The Harvard School District 50 Board voted unanimously last Wednesday to extend the contract of Superintendent Corey Tafoya.
Tafoya received a three-year extension through the 2023-24 school year. He currently is receiving a salary of $200,300 and will receive an annual salary increase of about $11,000 each of the next two years to bring his salary to $222,500 for the 2023-24 academic year, according to district documents.
“Harvard is a very special place, and I’m glad to have the support of our amazing board of education to continue the great work that is happening here,” Tafoya said in a statement.
Tafoya became the district’s superintendent in 2017 after working as an assistant superintendent in Crystal Lake-based Community High School District 155 and as principal at Woodstock High School. He got his start in education as a Spanish teacher at a high school in Cedar Rapids, Iowa, according to the district’s website.

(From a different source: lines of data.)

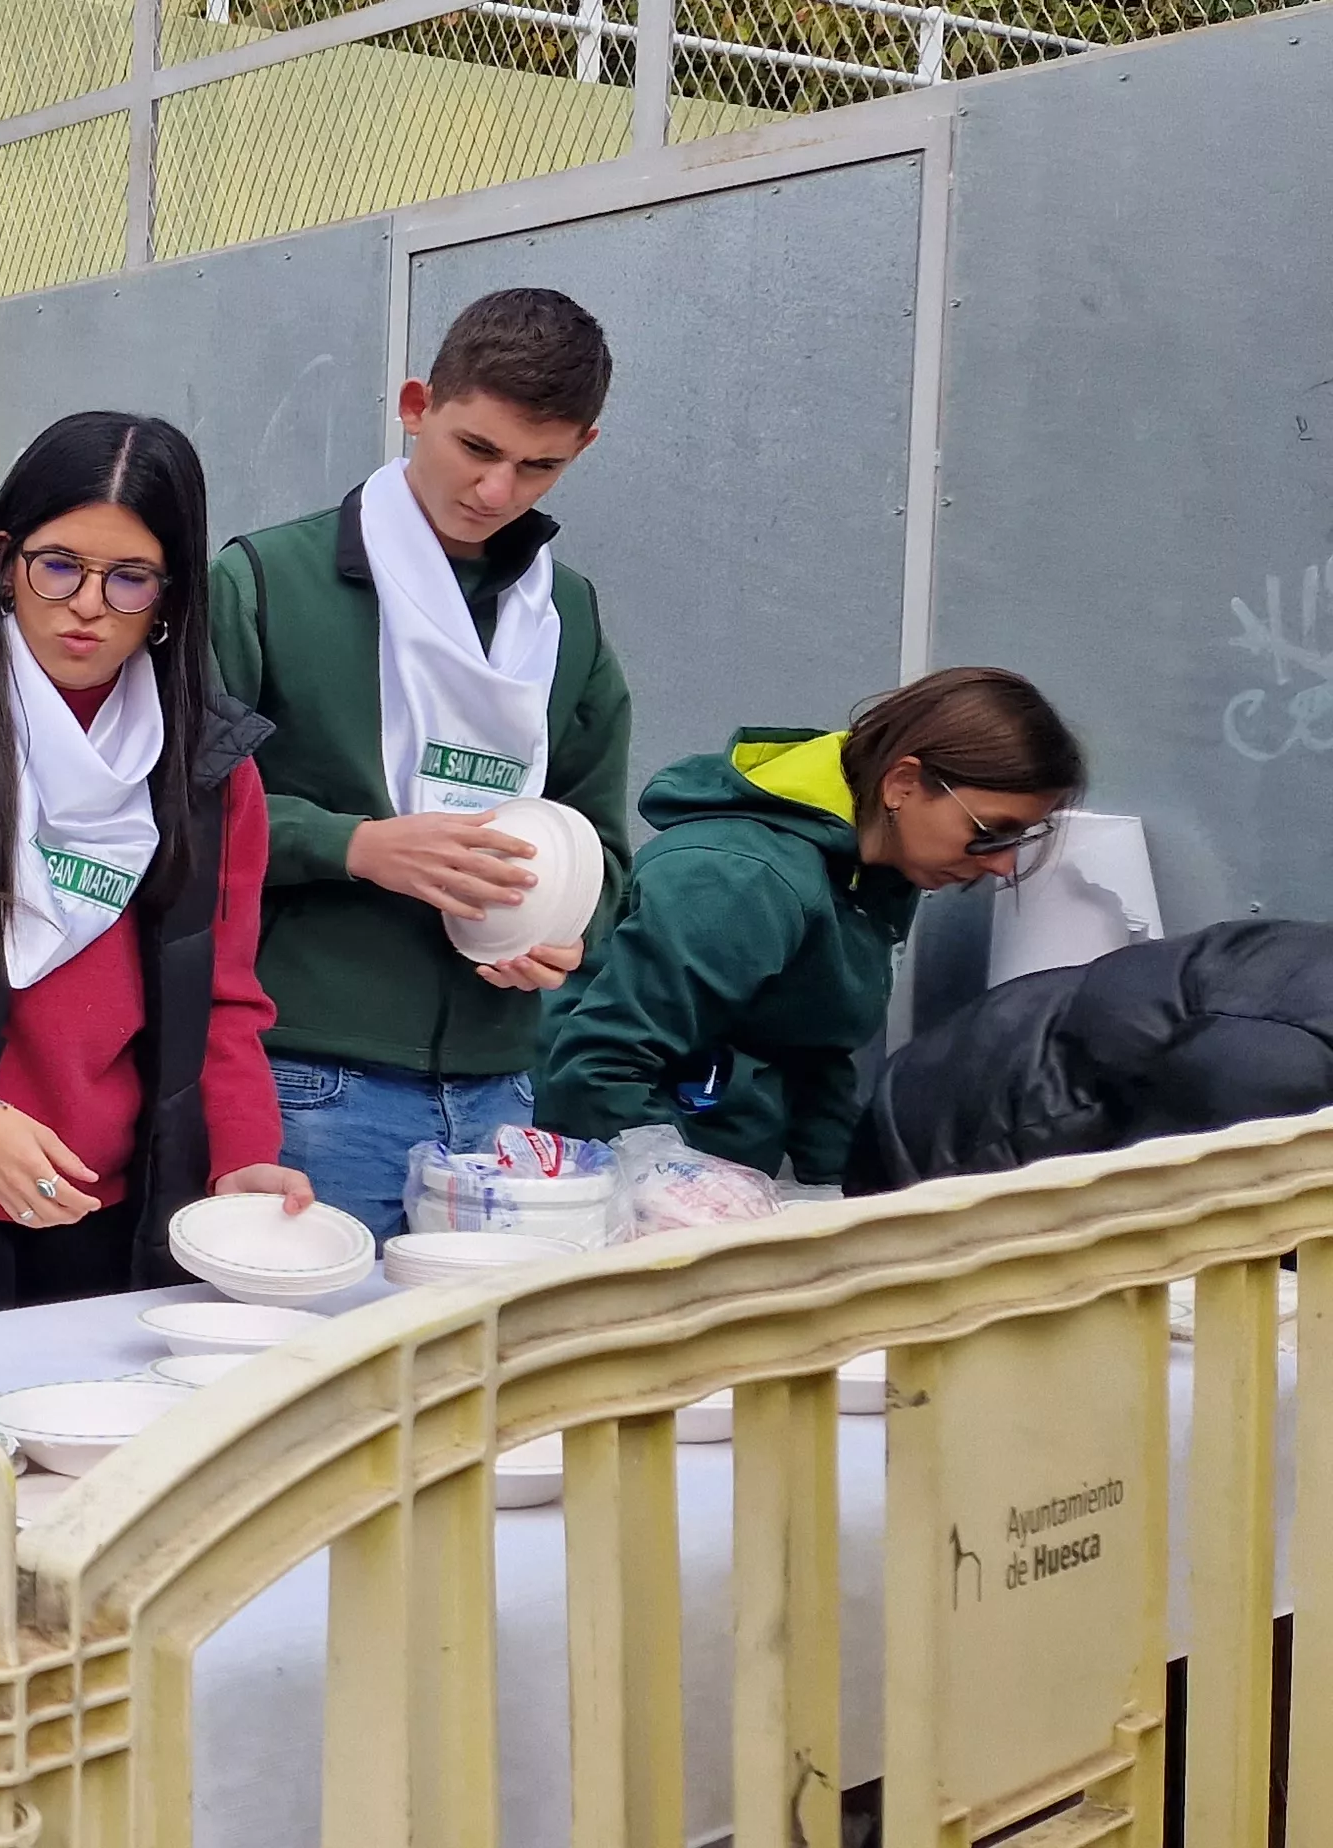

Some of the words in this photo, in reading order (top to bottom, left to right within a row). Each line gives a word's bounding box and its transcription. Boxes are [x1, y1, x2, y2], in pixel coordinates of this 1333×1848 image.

[445, 751, 474, 780] SAN
[473, 757, 525, 790] MARTIN
[48, 855, 77, 887] SAN
[77, 863, 133, 905] MARTIN
[1006, 1478, 1124, 1548] Ayuntamiento
[1006, 1552, 1028, 1590] de
[1033, 1533, 1101, 1581] Huesca

The board also is moving ahead on next year’s property tax levy, which is projected to increase over last year, but homeowners likely will not see their tax rate increase.

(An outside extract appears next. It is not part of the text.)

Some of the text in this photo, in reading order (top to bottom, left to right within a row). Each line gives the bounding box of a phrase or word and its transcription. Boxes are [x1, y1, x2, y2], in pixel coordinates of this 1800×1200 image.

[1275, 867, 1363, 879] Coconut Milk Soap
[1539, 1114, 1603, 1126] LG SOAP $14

According to a presentation to the board, the district is looking to increase the tax levy by 4.6% to $17.8 million for next year. The district is expecting to get the new tax dollars from an inflationary increase and new property growth throughout the Harvard community.
However, the district is projecting the amount of funds gained from new growth will be outpaced by how fast home values in the district are growing, resulting in little change to the property tax rate for current residents. As a result, the district estimates the property tax rate from the district will decrease by about 20 cents per $100 of assessed value next year, assuming no change in the property’s assessed value.
The board will vote on the final levy at the Dec. 15 board meeting.
The levy estimates come as the district still is working to figure out how to spend about $7.3 million in federal funds that the district received in response to the COVID-19 pandemic. The district must spend part of the money by the end of September 2023 and the rest by the end of September 2024.
Projects such as waiving registration fees for the next school year; buying Chromebooks; upgrading air conditioning units; and making improvements to classrooms, gyms and athletic facilities have taken up about $5.8 million of the federal dollars, according to a presentation by the board earlier this month.
Next, Tafoya suggested the district explore future projects, such as installing a turf football and soccer field, replacing floors and bleachers in gyms, building softball fields and tennis courts, and exploring expanding internet for rural families.
“This is a wonderful problem to have,” Tafoya said at a board meeting earlier this month. “We have money to do things. Now we just have to be wise about it.”